Von Parfum bis Lippenstift messbare Einsparungen

Mit Beginn der Initiative werden nicht nur klassische Duschgels, sondern auch Parfums oder Lippenstifte von L’Oréal als Refill-Produkte angeboten. Ein zentrales Element der Kampagne ist der Nachhaltigkeitsnachweis, gekennzeichnet auf jedem Produkt, der den sofortigen Effekt des Nachfüllens angibt. Ein Beispiel: Bei einer Refill-Creme von Lancôme wird im direkten Vergleich zum Standard-Tiegel der Einsatz von Glas komplett (100 %), Metall um 95 %, Kunststoff um 42 % und Karton um 36 % reduziert. Diese Zahlen sollen die unmittelbare Materialeinsparung belegen und sich bewusst von unkonkreten Prognosen abgrenzen.

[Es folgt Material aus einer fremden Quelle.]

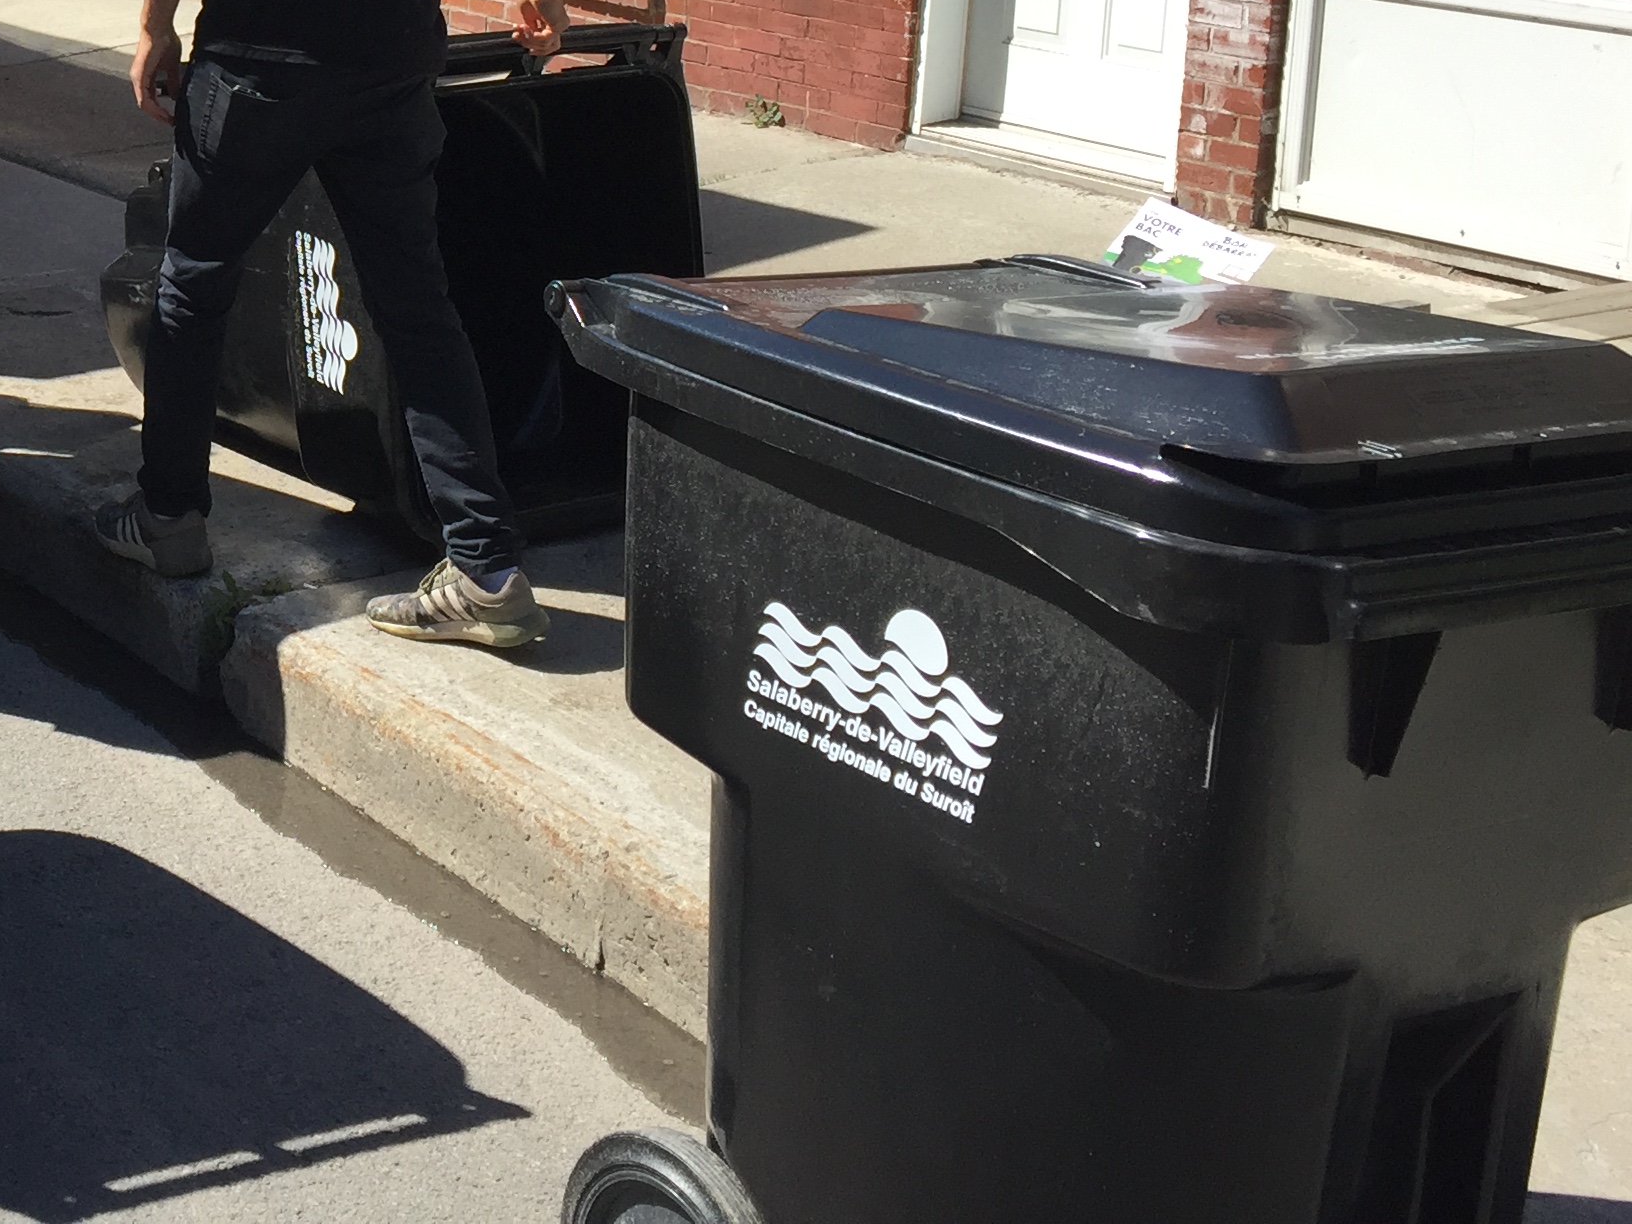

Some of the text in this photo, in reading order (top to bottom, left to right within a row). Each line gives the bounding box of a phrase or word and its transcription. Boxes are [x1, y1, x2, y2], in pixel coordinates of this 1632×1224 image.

[1135, 222, 1162, 238] BAC
[1143, 213, 1184, 237] VOTRE
[1222, 236, 1248, 248] BON
[746, 668, 986, 797] Salaberry-de-Valleyfield
[743, 698, 976, 824] Capitale régionale du Suroît

„Mit 18 Marken und 28 Produkten zeigen wir, dass nachfüllbare Schönheit für jeden da ist – über alle Kategorien, Preisklassen und Kanäle hinweg. Wir helfen den Verbrauchern, eine einfache Veränderung vorzunehmen: sich für ein Refill zu entscheiden. Nicht als Verzicht, sondern als die bessere Option. Weniger Auswirkungen auf den Planeten, besser für den Geldbeutel“, so Blanca Juti, Chief Corporate Affairs & Engagement Officer bei L’Oréal.

„Say-do Gap“

Zwar sei der Wunsch nach nachhaltigeren Produkten bei den meisten Verbraucher:innen verankert, doch L’Oréal verzeichnet eine spürbare Lücke, wenn es um die tatsächliche Kaufentscheidung geht. Es entsteht ein „Say-do Gap“. Mit der Kampagne will der Konzern nachhaltigere Produkte zunächst zugänglich machen. Gleichzeitig soll aber auch die Sichtbarkeit, beispielsweise durch gezielte Platzierungen in Regalen im Einzelhandel, erhöht werden.

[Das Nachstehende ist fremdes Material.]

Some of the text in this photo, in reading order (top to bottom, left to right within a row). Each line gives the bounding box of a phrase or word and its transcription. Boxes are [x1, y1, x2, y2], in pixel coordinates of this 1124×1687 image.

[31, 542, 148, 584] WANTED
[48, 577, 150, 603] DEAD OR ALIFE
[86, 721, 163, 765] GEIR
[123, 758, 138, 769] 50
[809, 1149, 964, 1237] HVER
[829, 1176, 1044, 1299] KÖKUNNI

„Nachhaltiger Konsum scheitert im Alltag oft an der Macht der Gewohnheit“, weiß Stefan Geister, Nachhaltigkeitschef von L’Oréal DACH. „Gemeinsam mit unseren Handelspartnern in Drogerien, Parfümerien, Apotheken und Friseursalons wollen wir das ‚Nachfüllen zu Hause‘ als neuen Standard etablieren. Die Erfolgsfaktoren liegen auf der Hand: Ein umfassendes Angebot, ein attraktives Preis-Leistungs-Verhältnis und kontinuierliche Sichtbarkeit im stationären und digitalen Handel. Wenn wir diesen Weg partnerschaftlich, ausdauernd und konsequent beschreiten, lassen wir aus guten Absichten echtes neues Handeln entstehen.“

100 Mio. Euro für Innovation & Startups

Begleitet werden die Maßnahmen von einem 100-Millionen-Euro-starken Innovationsfonds. Mit dem unternehmenseigenen L’AcceleratOR-Programm werden gezielt Startups und junge Talente unterstützt. Die Ansätze reichen von biologisch abbaubaren Materialien auf Algenbasis über Biokunststoffe aus Zuckerrohr bis hin zu recycelbaren Papierflaschen.

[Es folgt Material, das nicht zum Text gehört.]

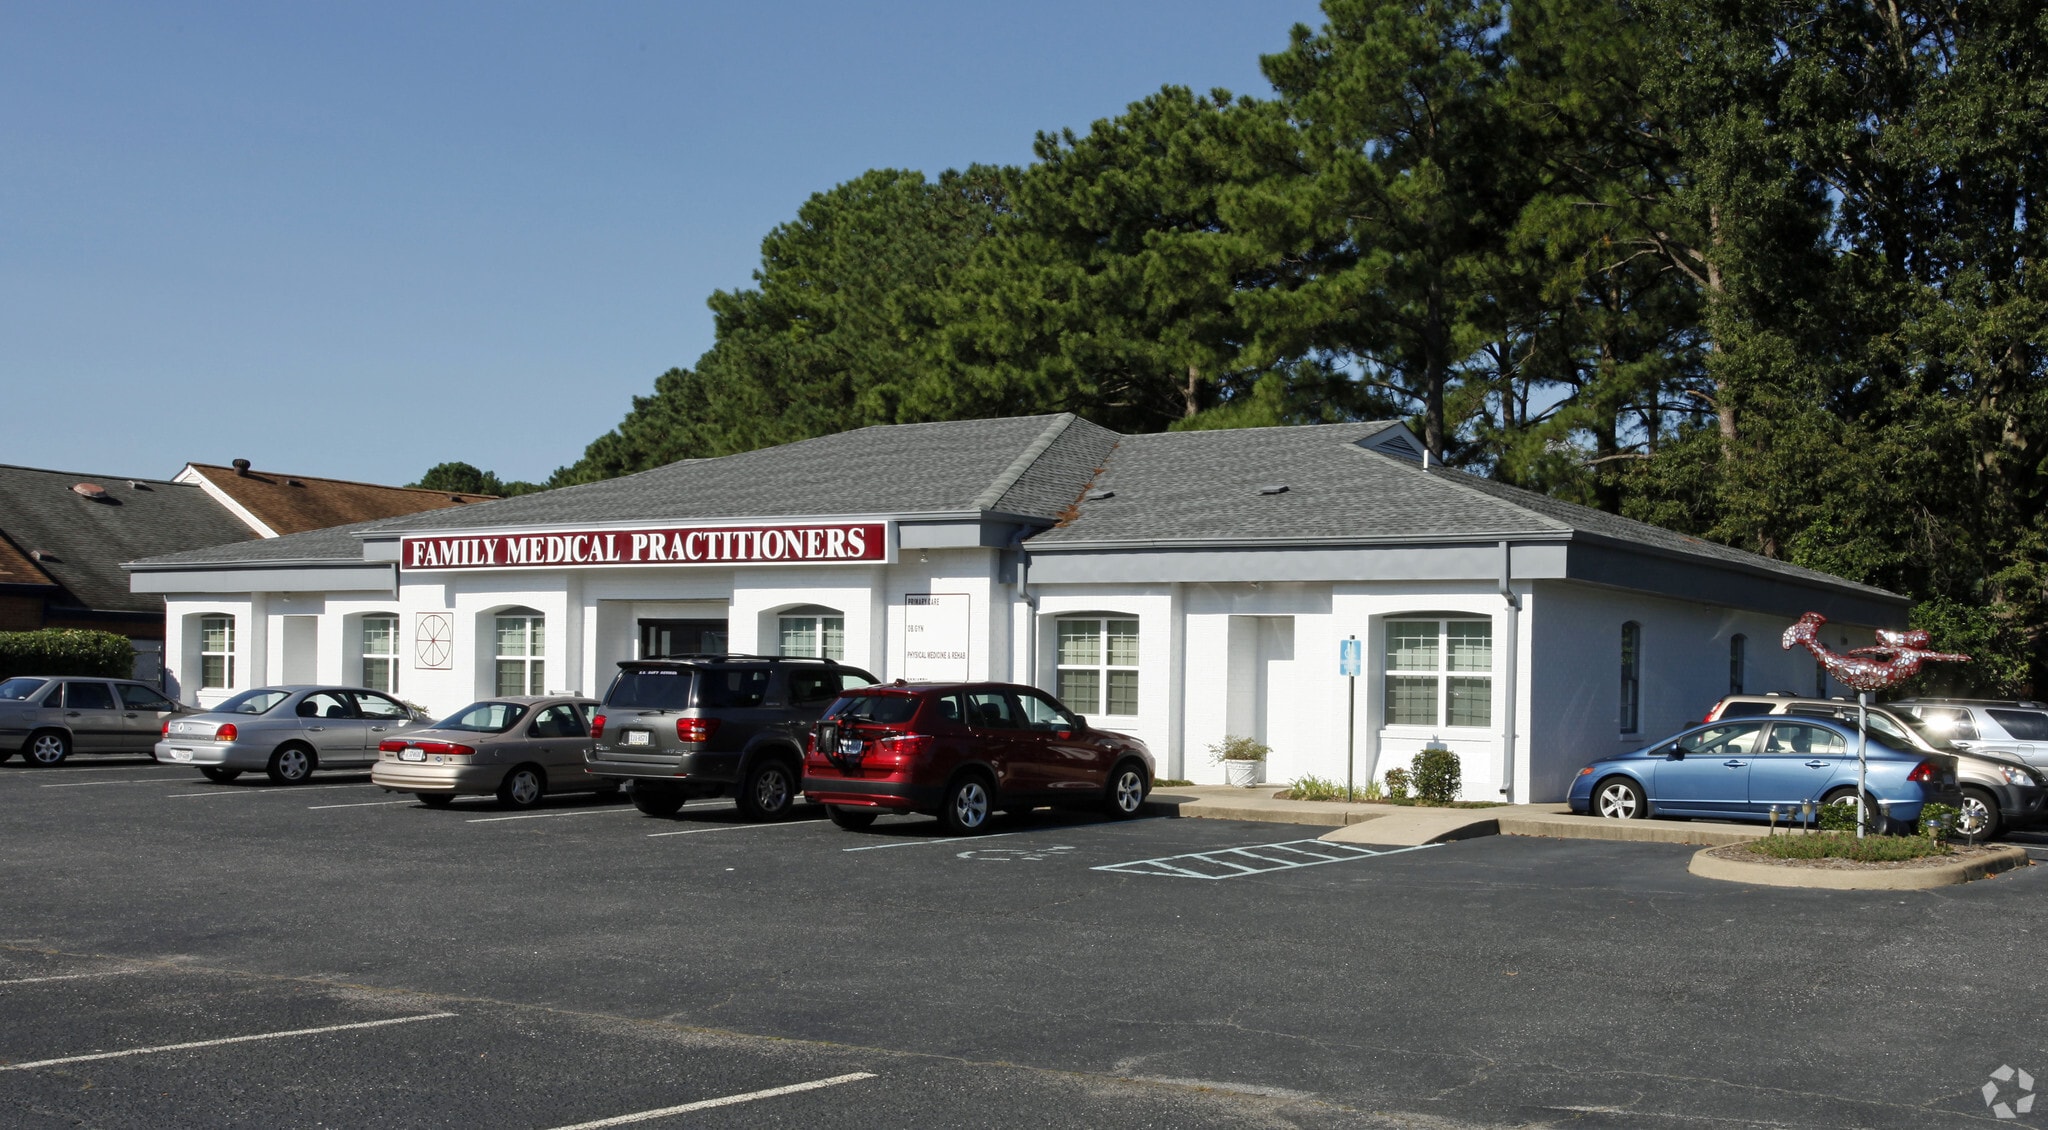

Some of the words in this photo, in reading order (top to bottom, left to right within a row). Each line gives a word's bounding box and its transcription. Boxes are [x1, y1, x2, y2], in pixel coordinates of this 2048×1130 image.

[411, 538, 499, 567] FAMILY
[505, 534, 621, 564] MEDICAL
[630, 527, 866, 561] PRACTITIONERS
[907, 598, 927, 606] PRIMARY
[928, 598, 940, 606] CARE
[907, 651, 926, 659] PHYSICAL
[927, 651, 947, 659] MEDICINE
[951, 651, 966, 660] REHAB

Mit 22 Forschungszentren in sieben regionalen Hubs weltweit, über 4.000 Wissenschaftlerinnen und Wissenschaftlern sowie mehr als 8.000 Fachkräften aus den Bereichen Digitales, Tech und Data bündelt der Konzern seine Ressourcen. Ziel dieser Investitionen in die Startup-Förderung und die eigene Forschung ist es, als vernetztes „Beauty-Tech-Powerhouse“ die technologische Zukunft der Kosmetikbranche maßgeblich zu gestalten. Im Jahr 2025 wurde L’Oréal vom Fortune-Magazin zum innovativsten Unternehmen Europas gekürt.